Image-backed grounding data
***

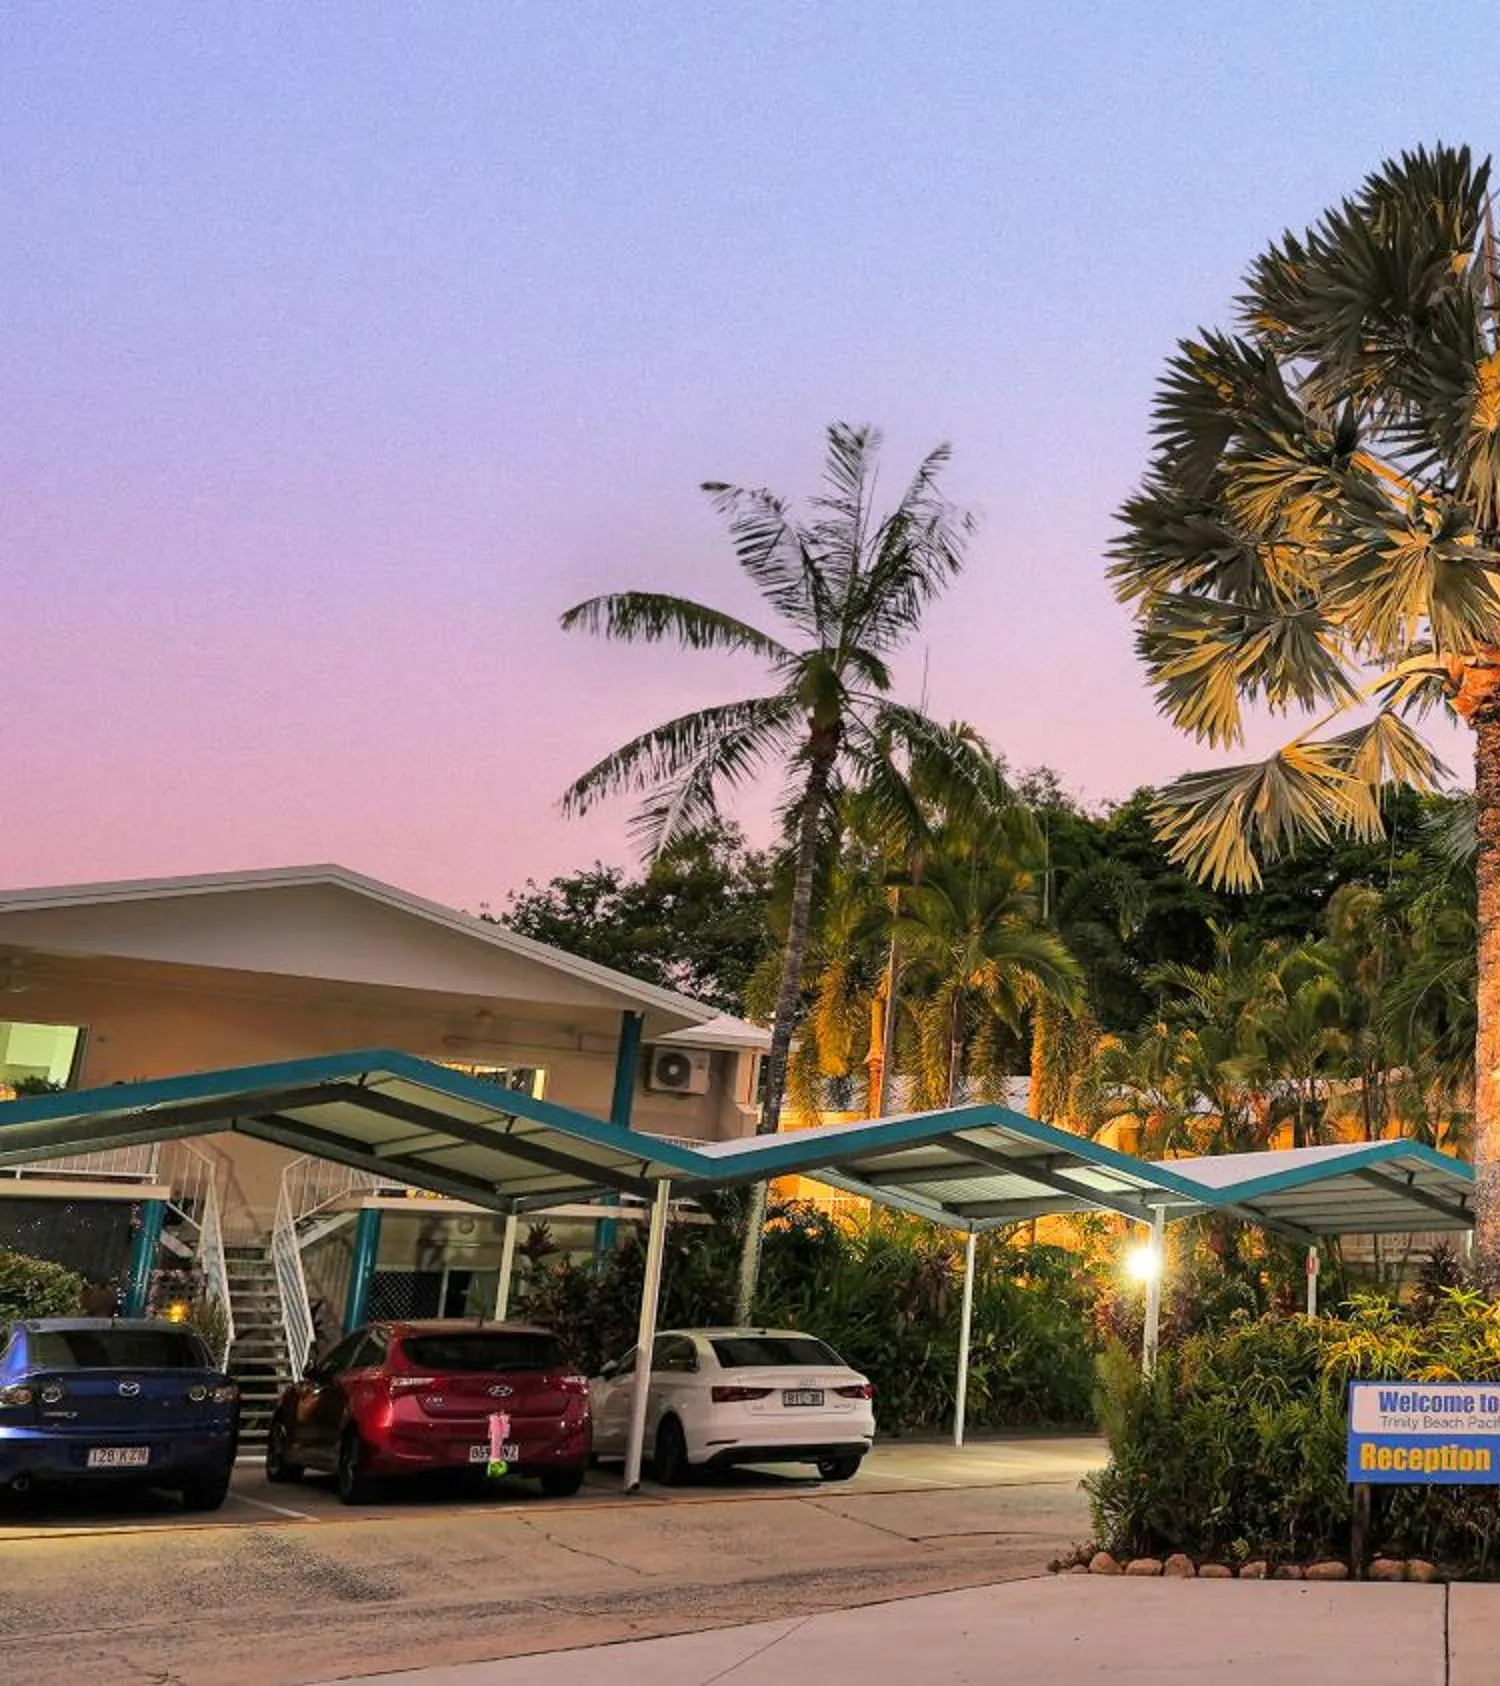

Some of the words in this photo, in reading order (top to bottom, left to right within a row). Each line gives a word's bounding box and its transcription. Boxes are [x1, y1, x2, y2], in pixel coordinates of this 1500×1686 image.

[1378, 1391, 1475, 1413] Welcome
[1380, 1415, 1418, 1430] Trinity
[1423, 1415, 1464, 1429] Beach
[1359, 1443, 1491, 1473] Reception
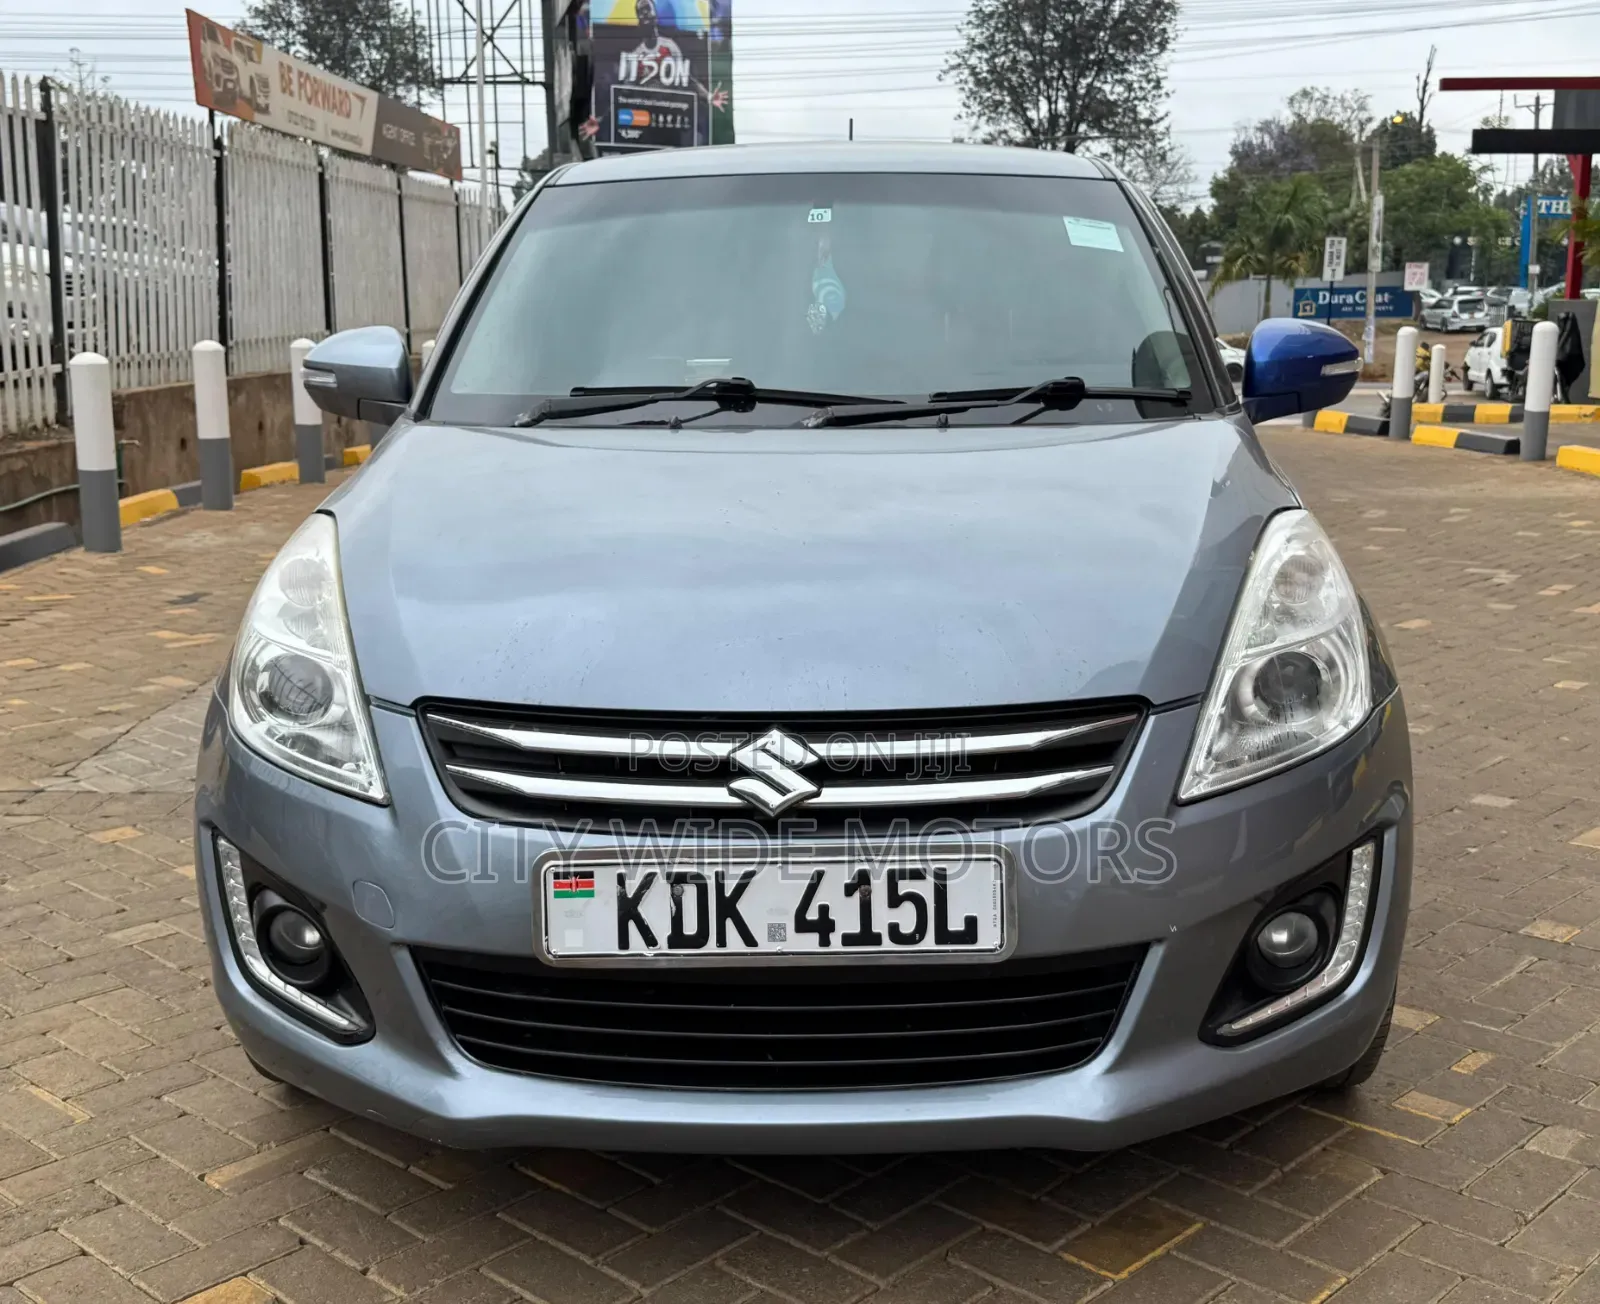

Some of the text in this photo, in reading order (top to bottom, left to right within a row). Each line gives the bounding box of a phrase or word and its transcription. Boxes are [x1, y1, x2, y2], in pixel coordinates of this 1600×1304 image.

***

Work instruction
A verbatim copy of the entries, stripped of pictures, should be produced.

Reply
Some of the words in this photo, in reading order (top to bottom, left to right within a row). Each line gives a word's bounding box and its transcription. Boxes are [x1, y1, x2, y2], in pixel coordinates of this 1500×1686 image.

[1378, 1391, 1475, 1413] Welcome
[1380, 1415, 1418, 1430] Trinity
[1423, 1415, 1464, 1429] Beach
[1359, 1443, 1491, 1473] Reception

Some of the text in this photo, in reading order (top to bottom, left to right within a row). Each line gives the bounding box of a phrase or word and its transcription. Boxes are [x1, y1, x2, y2], in pixel coordinates of this 1600×1304 image.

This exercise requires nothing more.